Make an exact copy of the records, with the images left out.

_ _ _ _

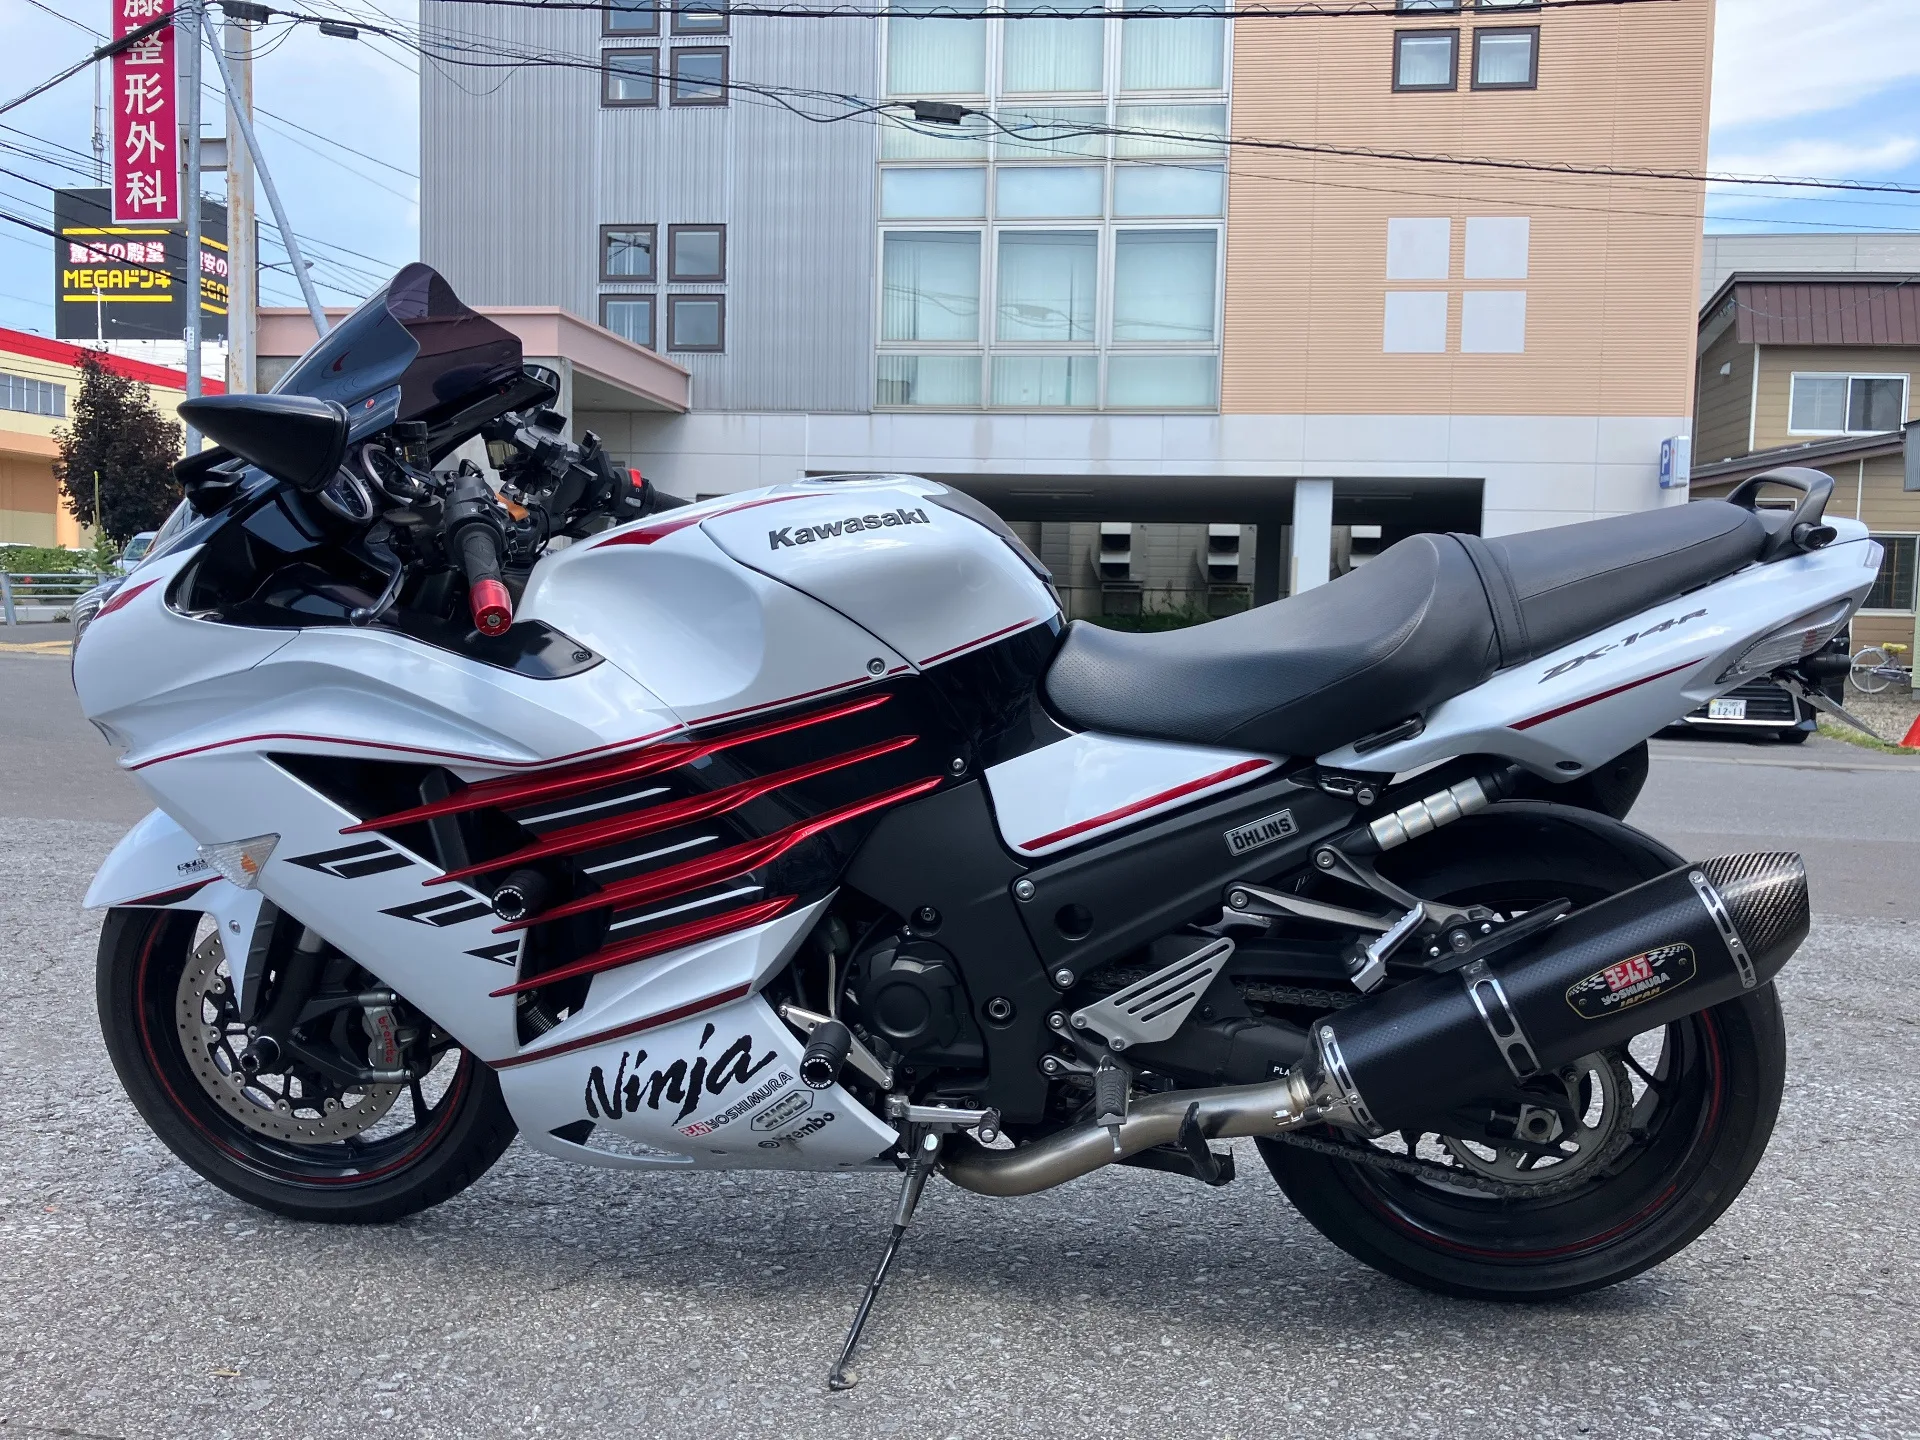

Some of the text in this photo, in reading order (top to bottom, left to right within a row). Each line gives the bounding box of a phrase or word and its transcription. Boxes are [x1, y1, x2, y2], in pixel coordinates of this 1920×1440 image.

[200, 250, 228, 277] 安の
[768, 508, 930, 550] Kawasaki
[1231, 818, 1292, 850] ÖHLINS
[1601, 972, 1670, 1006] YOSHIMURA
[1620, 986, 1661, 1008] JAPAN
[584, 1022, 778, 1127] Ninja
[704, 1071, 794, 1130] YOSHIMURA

_ _ _ _

## Task answer
Some of the text in this photo, in reading order (top to bottom, left to right within a row). Each line gives the bounding box of a phrase or word and its transcription. Boxes are [x1, y1, x2, y2], in pixel coordinates of this 1920×1440 image.

[200, 250, 228, 277] 安の
[768, 508, 930, 550] Kawasaki
[1231, 818, 1292, 850] ÖHLINS
[1601, 972, 1670, 1006] YOSHIMURA
[1620, 986, 1661, 1008] JAPAN
[584, 1022, 778, 1127] Ninja
[704, 1071, 794, 1130] YOSHIMURA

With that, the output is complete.